Enriched Selenium Vacancies Modulating Ru─CoSe V as Polysulfide Conversion Reaction Accelerator in Lithium–Sulfur Batteries

Abstract Lithium–sulfur (Li─S) batteries have been widely regarded as promising candidates for next generation energy storage technologies due to their cost‐effectiveness and high theoretical energy density. However, their commercialization faces challenges such as volume expansion, lithium polysulfides （LiPSs） shuttling, and slow sulfur redox kinetics. Herein, a porous catalytic reactor (Ru─CoSe V ) is rationally designed through the enriched Se vacancies modulated metal‐substrate interaction. The Se vacancies adjust the intrinsic electronic environment around the vacancies, act as a reservoir for Ru cluster loading, and contribute to the strong interactions between CoSe V and Ru cluster. Furthermore, the porous architecture of the prepared catalyst facilitates rapid charge and ion transfer while ensuring the efficient exposure of catalytic sites. Electrochemical tests combined with theoretical calculations revealed that the Ru─CoSe V can provide both strong catalytic activity and adsorption capacity for LiPSs.
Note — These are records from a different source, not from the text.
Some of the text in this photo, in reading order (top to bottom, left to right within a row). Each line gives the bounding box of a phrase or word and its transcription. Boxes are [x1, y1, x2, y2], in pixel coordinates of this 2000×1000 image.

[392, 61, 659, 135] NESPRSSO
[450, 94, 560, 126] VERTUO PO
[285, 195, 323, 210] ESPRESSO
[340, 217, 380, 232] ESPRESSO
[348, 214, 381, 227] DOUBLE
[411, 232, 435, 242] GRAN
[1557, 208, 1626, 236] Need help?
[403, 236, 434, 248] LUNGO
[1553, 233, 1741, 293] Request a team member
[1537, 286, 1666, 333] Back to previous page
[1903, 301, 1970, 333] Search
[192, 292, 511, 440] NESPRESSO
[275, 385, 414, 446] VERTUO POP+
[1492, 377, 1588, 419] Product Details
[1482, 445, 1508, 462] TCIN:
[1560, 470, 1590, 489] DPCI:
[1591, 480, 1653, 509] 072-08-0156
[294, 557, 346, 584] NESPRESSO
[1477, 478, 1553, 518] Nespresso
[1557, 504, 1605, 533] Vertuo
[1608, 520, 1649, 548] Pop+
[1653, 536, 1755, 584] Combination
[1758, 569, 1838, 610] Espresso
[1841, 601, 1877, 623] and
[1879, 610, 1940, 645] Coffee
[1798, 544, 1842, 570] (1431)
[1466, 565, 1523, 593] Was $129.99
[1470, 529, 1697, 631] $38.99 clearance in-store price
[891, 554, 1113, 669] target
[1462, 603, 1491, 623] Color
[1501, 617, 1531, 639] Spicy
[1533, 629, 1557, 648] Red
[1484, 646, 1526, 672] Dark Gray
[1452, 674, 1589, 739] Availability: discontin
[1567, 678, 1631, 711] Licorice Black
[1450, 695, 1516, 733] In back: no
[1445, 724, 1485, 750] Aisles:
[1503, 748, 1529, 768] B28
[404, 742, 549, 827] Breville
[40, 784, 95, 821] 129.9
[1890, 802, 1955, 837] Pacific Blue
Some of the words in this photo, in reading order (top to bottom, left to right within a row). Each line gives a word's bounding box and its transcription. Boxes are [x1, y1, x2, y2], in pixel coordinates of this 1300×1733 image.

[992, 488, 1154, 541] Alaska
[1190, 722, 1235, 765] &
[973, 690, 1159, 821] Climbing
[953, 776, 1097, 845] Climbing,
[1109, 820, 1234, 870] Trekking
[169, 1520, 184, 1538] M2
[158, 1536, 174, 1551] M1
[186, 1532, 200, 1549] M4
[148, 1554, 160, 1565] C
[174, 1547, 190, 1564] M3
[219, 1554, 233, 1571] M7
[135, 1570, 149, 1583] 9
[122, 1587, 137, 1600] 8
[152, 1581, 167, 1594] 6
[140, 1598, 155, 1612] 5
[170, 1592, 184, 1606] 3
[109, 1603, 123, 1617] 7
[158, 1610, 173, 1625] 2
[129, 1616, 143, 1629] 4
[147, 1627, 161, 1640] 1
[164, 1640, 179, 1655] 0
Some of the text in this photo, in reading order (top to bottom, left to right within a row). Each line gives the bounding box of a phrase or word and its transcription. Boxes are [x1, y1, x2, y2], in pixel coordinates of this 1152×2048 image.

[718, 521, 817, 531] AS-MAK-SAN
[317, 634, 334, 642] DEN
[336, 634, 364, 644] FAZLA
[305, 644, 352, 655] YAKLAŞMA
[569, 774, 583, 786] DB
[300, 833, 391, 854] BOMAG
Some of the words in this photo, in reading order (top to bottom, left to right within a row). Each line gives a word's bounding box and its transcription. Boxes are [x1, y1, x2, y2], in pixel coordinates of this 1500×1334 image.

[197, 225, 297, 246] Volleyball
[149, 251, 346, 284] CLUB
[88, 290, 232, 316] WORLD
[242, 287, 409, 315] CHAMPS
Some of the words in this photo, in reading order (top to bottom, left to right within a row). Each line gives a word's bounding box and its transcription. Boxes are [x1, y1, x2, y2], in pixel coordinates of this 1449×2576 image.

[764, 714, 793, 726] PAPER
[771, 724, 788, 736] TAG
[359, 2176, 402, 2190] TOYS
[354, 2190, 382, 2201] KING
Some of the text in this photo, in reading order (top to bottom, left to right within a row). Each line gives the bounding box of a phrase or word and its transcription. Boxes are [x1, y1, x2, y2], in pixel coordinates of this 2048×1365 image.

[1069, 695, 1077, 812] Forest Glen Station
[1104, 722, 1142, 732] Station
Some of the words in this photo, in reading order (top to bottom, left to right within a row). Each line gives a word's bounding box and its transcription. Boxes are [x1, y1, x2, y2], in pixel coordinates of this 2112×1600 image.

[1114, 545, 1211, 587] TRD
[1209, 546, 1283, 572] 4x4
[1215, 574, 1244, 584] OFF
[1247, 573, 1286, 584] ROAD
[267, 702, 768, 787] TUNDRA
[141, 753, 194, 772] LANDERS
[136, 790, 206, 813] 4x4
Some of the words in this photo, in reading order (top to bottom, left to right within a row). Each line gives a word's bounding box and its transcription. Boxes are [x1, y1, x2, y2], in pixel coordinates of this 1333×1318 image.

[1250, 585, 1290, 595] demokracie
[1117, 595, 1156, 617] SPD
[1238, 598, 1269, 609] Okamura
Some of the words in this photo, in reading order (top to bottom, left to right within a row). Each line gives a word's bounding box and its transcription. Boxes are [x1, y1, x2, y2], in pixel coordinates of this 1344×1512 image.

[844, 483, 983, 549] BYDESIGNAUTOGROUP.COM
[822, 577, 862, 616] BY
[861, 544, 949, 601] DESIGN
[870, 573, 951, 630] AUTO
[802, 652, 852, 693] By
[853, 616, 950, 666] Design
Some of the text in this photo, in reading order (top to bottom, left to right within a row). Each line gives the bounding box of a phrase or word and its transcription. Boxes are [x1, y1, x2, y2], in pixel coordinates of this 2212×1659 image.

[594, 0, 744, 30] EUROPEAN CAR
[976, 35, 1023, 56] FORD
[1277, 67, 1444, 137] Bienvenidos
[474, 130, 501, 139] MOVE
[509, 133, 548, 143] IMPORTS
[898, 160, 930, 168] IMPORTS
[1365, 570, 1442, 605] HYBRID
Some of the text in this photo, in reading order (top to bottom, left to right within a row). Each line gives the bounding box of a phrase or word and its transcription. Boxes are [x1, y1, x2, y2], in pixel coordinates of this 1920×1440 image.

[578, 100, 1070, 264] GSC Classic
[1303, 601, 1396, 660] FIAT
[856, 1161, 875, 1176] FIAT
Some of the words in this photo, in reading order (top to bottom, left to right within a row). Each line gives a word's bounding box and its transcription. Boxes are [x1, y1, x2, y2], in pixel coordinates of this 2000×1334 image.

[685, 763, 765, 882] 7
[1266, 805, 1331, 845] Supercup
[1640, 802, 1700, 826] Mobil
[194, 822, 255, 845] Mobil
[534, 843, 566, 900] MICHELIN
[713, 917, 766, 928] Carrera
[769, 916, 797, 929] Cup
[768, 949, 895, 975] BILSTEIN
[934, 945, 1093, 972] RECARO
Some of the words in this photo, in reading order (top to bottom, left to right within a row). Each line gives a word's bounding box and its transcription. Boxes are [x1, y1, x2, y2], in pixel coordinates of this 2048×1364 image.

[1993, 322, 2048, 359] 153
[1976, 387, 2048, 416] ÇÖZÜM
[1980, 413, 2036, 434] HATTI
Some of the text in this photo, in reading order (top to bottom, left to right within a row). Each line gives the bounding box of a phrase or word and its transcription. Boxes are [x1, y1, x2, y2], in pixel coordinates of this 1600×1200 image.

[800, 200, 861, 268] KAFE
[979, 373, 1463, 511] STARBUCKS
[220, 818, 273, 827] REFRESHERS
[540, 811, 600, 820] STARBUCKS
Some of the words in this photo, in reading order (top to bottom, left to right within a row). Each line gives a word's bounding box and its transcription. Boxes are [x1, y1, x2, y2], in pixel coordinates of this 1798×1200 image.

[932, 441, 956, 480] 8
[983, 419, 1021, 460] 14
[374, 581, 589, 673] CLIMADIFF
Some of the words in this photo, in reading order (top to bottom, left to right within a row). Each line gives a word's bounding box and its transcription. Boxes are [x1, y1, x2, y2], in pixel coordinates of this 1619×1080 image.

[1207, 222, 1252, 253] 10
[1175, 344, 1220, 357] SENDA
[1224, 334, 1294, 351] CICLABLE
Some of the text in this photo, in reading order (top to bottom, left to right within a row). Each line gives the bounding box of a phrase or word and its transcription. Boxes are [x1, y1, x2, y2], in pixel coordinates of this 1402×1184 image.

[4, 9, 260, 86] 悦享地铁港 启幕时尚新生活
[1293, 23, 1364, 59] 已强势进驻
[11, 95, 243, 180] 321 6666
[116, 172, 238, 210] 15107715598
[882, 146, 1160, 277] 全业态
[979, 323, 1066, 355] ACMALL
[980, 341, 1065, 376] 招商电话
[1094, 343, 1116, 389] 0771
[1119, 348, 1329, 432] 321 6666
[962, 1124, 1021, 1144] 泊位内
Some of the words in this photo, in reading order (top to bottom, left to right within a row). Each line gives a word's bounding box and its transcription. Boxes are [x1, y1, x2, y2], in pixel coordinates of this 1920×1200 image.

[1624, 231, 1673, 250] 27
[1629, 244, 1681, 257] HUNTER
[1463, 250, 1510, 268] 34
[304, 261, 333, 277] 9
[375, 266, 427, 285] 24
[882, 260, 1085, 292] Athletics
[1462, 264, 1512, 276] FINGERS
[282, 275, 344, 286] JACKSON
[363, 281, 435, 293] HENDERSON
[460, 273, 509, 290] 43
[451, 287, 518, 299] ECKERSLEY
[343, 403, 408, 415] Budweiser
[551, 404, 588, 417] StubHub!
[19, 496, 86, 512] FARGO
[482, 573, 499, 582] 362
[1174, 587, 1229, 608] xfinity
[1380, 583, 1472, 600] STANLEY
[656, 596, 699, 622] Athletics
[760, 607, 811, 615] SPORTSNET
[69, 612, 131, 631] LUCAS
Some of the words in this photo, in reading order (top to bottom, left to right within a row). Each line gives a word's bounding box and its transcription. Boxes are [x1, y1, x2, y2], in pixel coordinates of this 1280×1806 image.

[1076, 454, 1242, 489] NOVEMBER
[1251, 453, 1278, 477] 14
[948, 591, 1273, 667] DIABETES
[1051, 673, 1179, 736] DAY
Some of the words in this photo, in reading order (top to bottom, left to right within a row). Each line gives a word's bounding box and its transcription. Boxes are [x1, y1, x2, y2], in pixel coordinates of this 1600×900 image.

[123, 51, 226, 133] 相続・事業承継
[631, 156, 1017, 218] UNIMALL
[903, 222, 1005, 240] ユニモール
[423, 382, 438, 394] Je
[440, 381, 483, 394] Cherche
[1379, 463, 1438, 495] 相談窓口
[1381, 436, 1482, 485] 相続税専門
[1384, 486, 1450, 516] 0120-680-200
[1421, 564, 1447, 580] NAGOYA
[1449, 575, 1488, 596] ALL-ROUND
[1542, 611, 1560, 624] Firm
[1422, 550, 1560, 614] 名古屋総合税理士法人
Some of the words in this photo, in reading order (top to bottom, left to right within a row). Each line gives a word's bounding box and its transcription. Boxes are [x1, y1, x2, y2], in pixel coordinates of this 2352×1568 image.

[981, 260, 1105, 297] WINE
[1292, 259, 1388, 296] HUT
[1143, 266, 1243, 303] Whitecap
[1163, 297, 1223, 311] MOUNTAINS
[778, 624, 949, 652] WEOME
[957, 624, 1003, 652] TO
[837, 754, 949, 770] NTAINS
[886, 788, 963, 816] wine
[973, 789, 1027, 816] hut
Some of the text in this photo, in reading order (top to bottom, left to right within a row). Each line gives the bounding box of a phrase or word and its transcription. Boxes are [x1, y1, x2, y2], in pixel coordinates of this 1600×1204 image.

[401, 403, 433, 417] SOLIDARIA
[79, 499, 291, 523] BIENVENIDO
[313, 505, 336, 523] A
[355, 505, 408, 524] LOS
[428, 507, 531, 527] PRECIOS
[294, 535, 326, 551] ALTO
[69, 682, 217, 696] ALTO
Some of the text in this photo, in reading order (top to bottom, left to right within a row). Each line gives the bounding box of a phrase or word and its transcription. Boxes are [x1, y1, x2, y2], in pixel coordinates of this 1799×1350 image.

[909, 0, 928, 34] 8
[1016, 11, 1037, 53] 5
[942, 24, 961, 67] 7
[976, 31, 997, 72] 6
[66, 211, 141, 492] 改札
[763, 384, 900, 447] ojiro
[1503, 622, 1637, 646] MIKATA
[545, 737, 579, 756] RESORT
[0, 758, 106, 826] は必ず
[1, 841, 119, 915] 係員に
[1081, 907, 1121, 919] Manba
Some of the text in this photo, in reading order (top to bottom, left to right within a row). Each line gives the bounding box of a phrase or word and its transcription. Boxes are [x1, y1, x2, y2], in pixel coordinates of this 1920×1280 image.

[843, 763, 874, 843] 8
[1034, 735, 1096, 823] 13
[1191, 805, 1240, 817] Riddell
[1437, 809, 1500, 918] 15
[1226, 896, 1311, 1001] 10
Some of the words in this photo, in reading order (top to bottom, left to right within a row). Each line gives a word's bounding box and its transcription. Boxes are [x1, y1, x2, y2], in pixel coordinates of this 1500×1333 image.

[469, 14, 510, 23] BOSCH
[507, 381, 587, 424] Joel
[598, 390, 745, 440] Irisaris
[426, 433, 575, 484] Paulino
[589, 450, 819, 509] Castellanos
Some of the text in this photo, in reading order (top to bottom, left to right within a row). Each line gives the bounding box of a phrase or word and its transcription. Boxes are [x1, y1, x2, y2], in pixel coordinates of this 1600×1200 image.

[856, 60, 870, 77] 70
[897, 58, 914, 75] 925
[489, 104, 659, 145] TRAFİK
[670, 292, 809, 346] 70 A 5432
As a result, the assembled Ru─CoSe V /S electrodes demonstrated excellent performance in terms of capacity enhancement and cycling stability, achieving high initial discharge capacity of 1321.1 mAh g −1 at 0.2 C and low capacity decay rate of 0.031% per cycle at 1 C over 500 long‐term cyclings, and reaching a high areal specific capacity (7.1 mAh cm −2 ) at sulfur loading of 7.5 mg cm −2 .